_WHAT YOU WILL DO_
Please copy the listing that follows exactly, leaving out any pictures.

_DATASET EXTRACT_
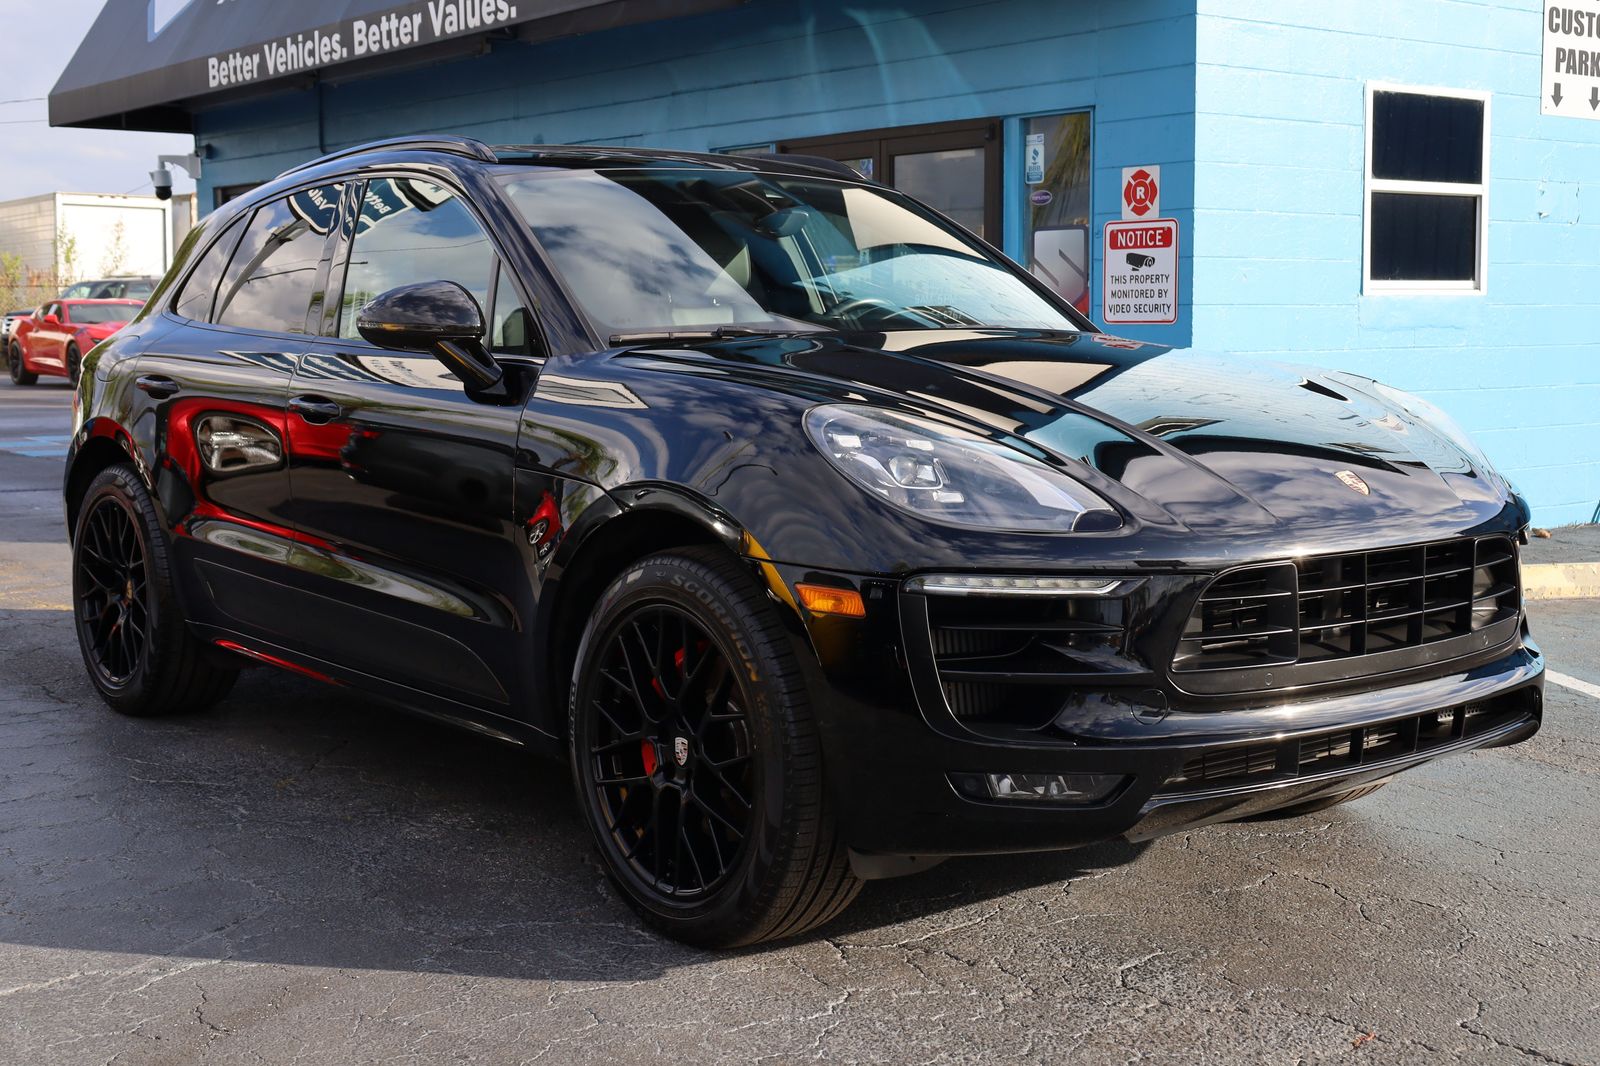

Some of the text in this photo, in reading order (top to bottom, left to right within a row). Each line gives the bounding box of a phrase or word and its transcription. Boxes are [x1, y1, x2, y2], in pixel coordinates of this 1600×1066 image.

[208, 0, 517, 88] Better Vehicles. Better Values.
[1555, 47, 1600, 78] PARK
[1136, 186, 1145, 199] R
[1117, 229, 1164, 247] NOTICE
[1110, 273, 1170, 285] THIS PROPERTY
[1110, 288, 1168, 299] MONITORED BY
[1108, 303, 1172, 314] VIDEO SECURITY
[669, 573, 762, 682] SCORPION

_WORKED SOLUTION_
Some of the text in this photo, in reading order (top to bottom, left to right within a row). Each line gives the bounding box of a phrase or word and its transcription. Boxes are [x1, y1, x2, y2], in pixel coordinates of this 1600×1066 image.

[208, 0, 517, 88] Better Vehicles. Better Values.
[1555, 47, 1600, 78] PARK
[1136, 186, 1145, 199] R
[1117, 229, 1164, 247] NOTICE
[1110, 273, 1170, 285] THIS PROPERTY
[1110, 288, 1168, 299] MONITORED BY
[1108, 303, 1172, 314] VIDEO SECURITY
[669, 573, 762, 682] SCORPION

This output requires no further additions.